#### [What is being asked]
Set the listing down unchanged, minus every embedded image.

-.-.-

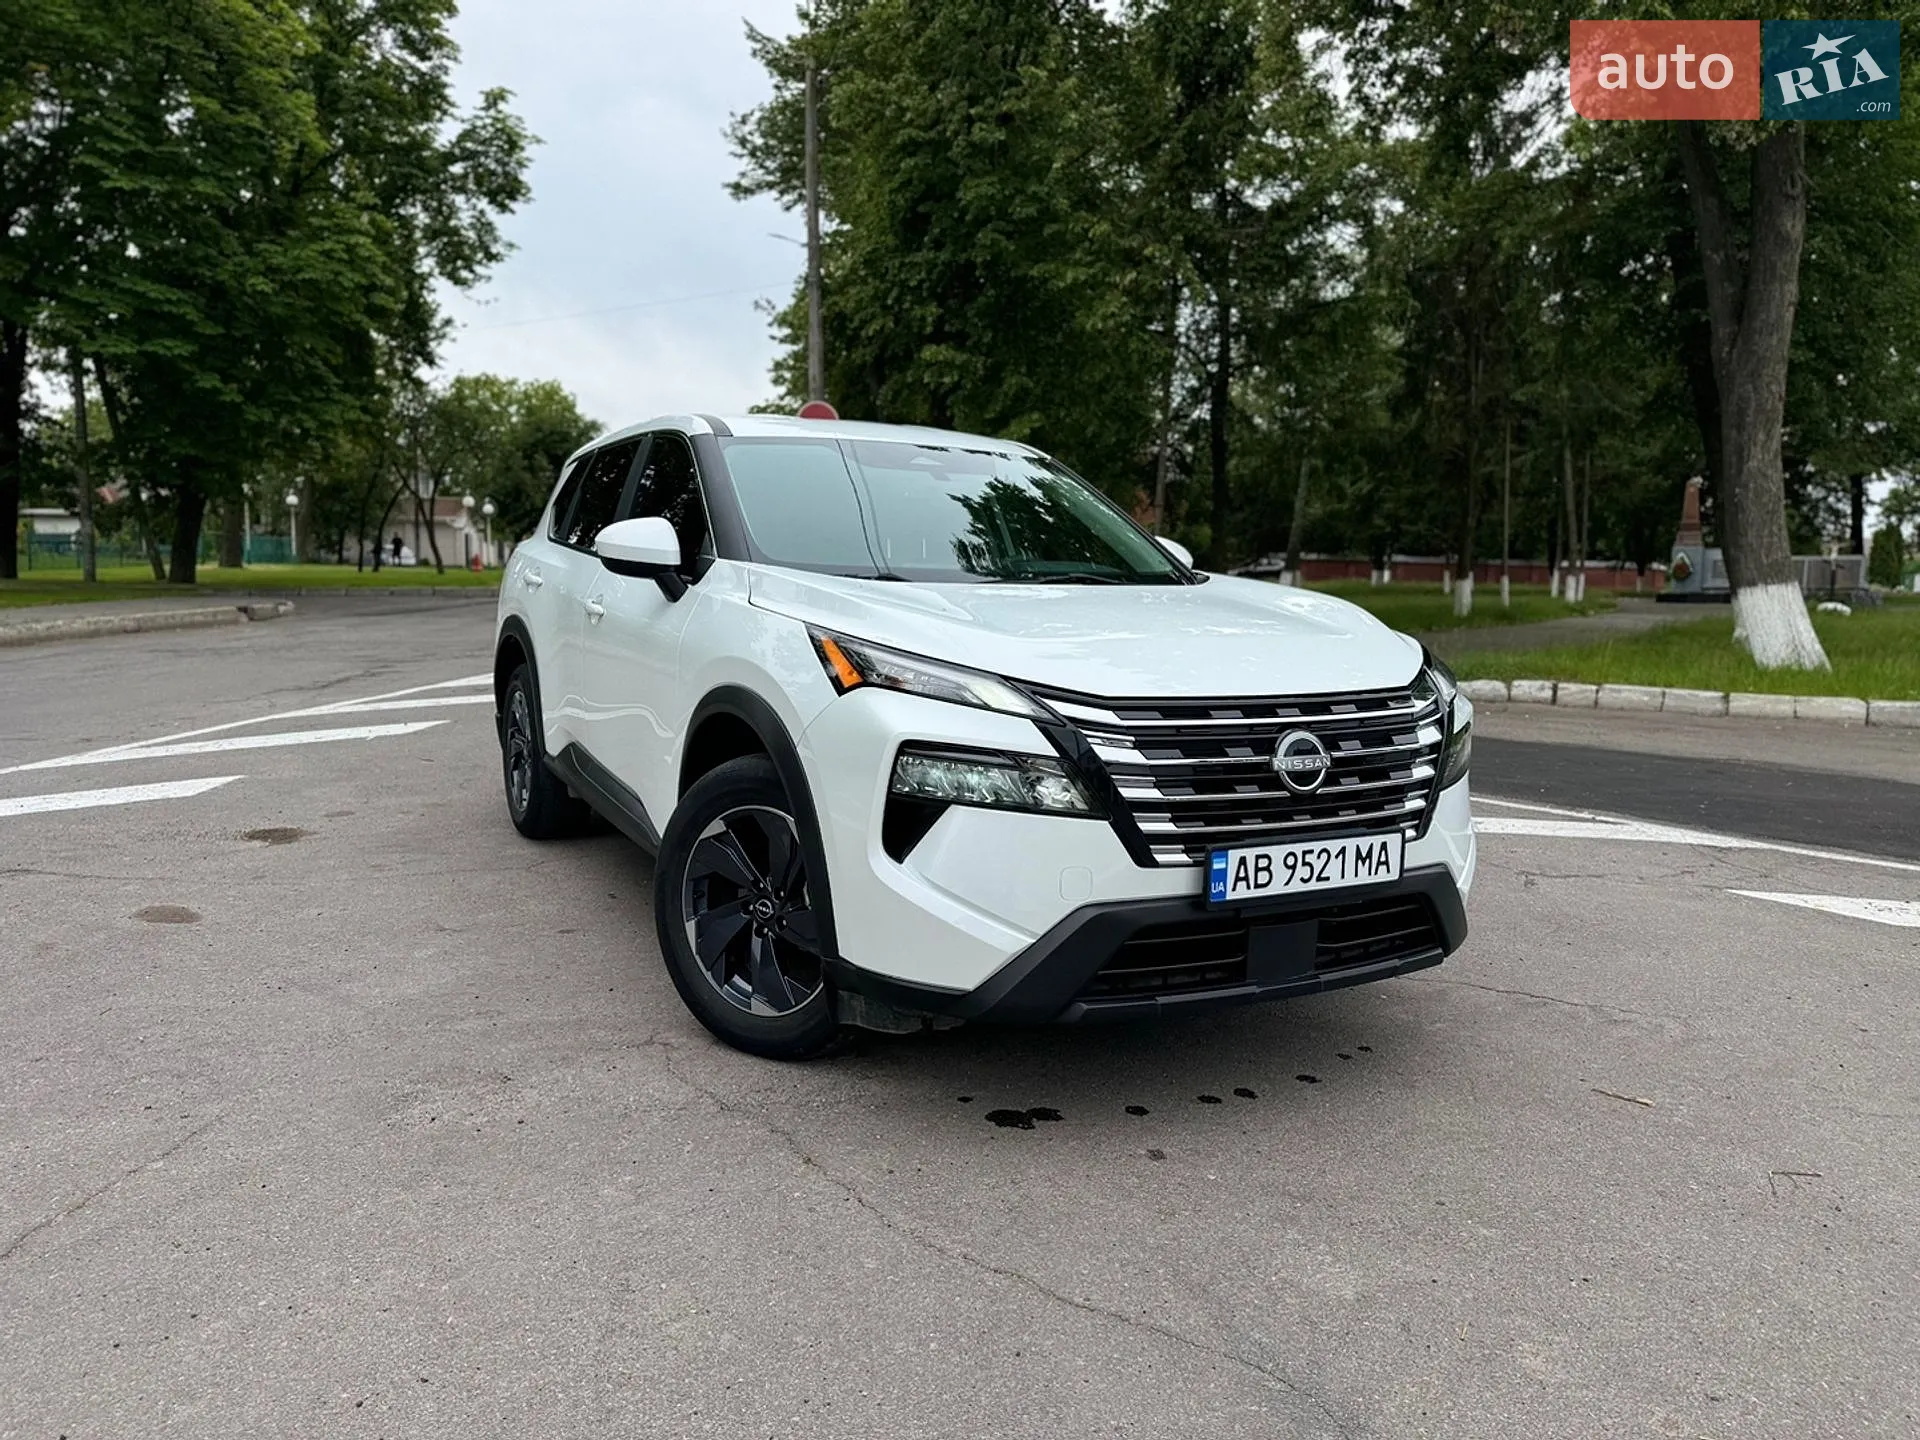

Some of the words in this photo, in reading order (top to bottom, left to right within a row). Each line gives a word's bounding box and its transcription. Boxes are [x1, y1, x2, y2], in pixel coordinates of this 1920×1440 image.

[1274, 754, 1331, 770] NISSAN
[1231, 854, 1273, 892] AB
[1283, 845, 1347, 887] 9521
[1354, 841, 1391, 878] MA
[1211, 882, 1225, 894] UA
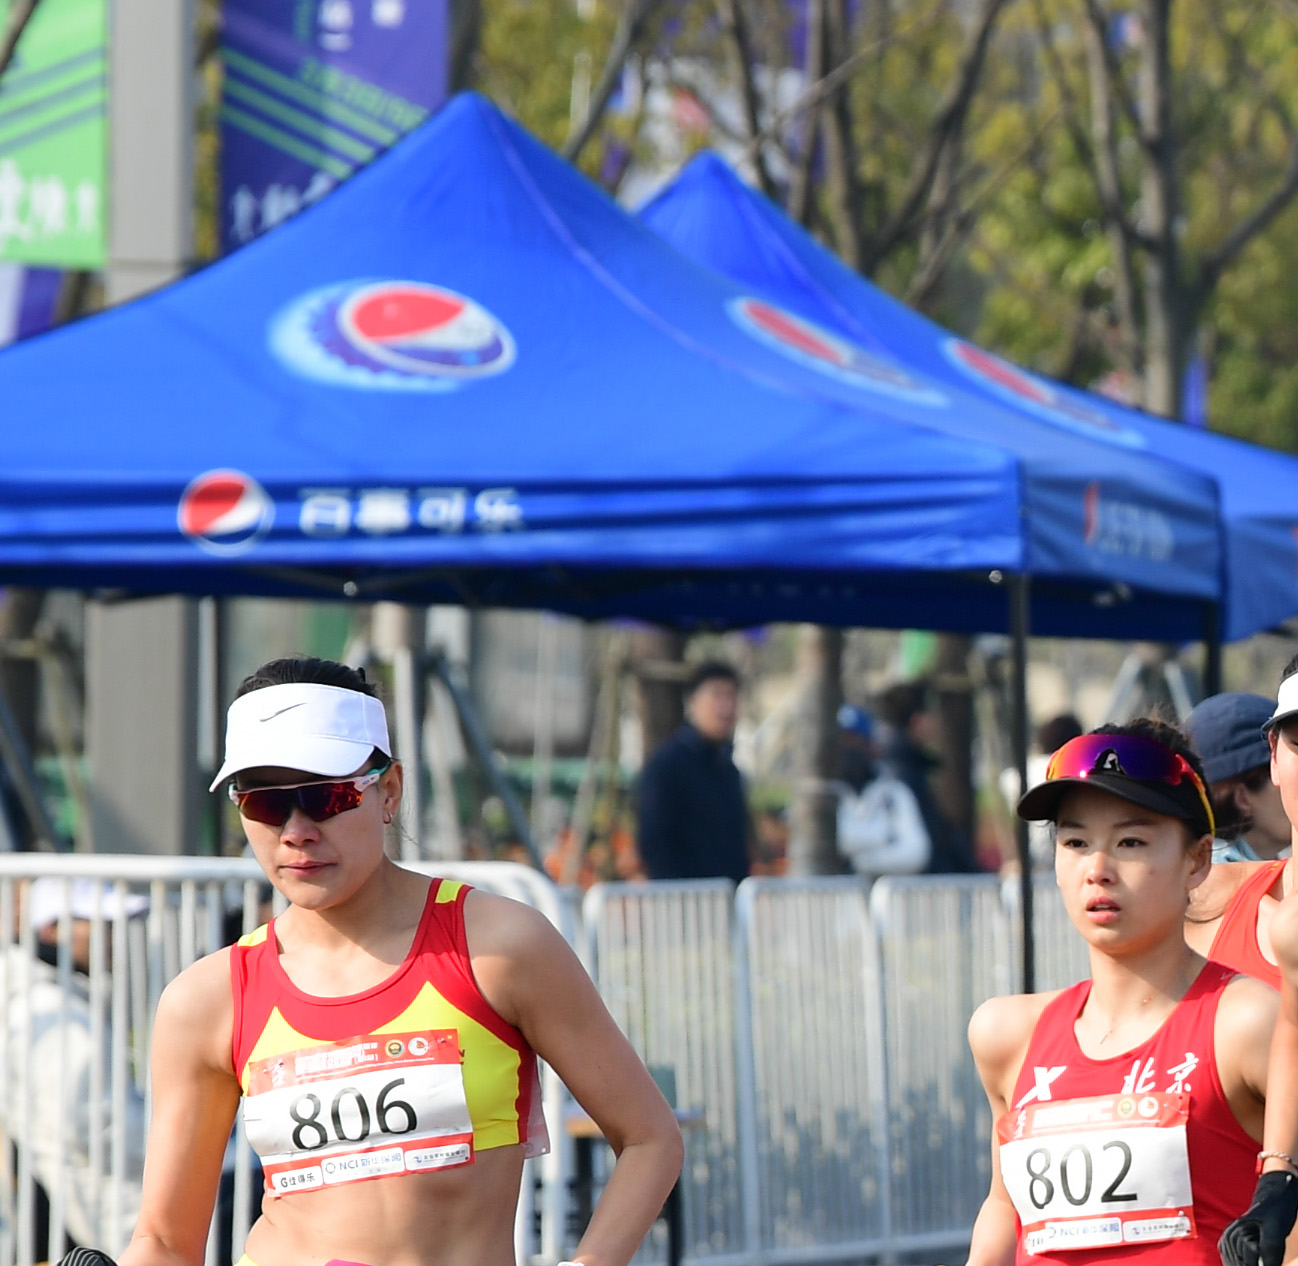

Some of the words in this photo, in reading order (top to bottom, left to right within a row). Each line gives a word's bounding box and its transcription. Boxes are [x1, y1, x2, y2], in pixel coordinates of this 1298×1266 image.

[1121, 1052, 1199, 1094] 北京
[289, 1078, 418, 1151] 806
[1026, 1140, 1138, 1210] 802

-.-.-

#### [Answer box]
Some of the words in this photo, in reading order (top to bottom, left to right within a row). Each line gives a word's bounding box and its transcription. Boxes are [x1, y1, x2, y2], in pixel coordinates of this 1920×1440 image.

[1274, 754, 1331, 770] NISSAN
[1231, 854, 1273, 892] AB
[1283, 845, 1347, 887] 9521
[1354, 841, 1391, 878] MA
[1211, 882, 1225, 894] UA

Some of the words in this photo, in reading order (top to bottom, left to right within a row). Each line gives a word's bounding box and its transcription. Boxes are [x1, y1, x2, y2], in pixel coordinates of this 1298×1266 image.

[1121, 1052, 1199, 1094] 北京
[289, 1078, 418, 1151] 806
[1026, 1140, 1138, 1210] 802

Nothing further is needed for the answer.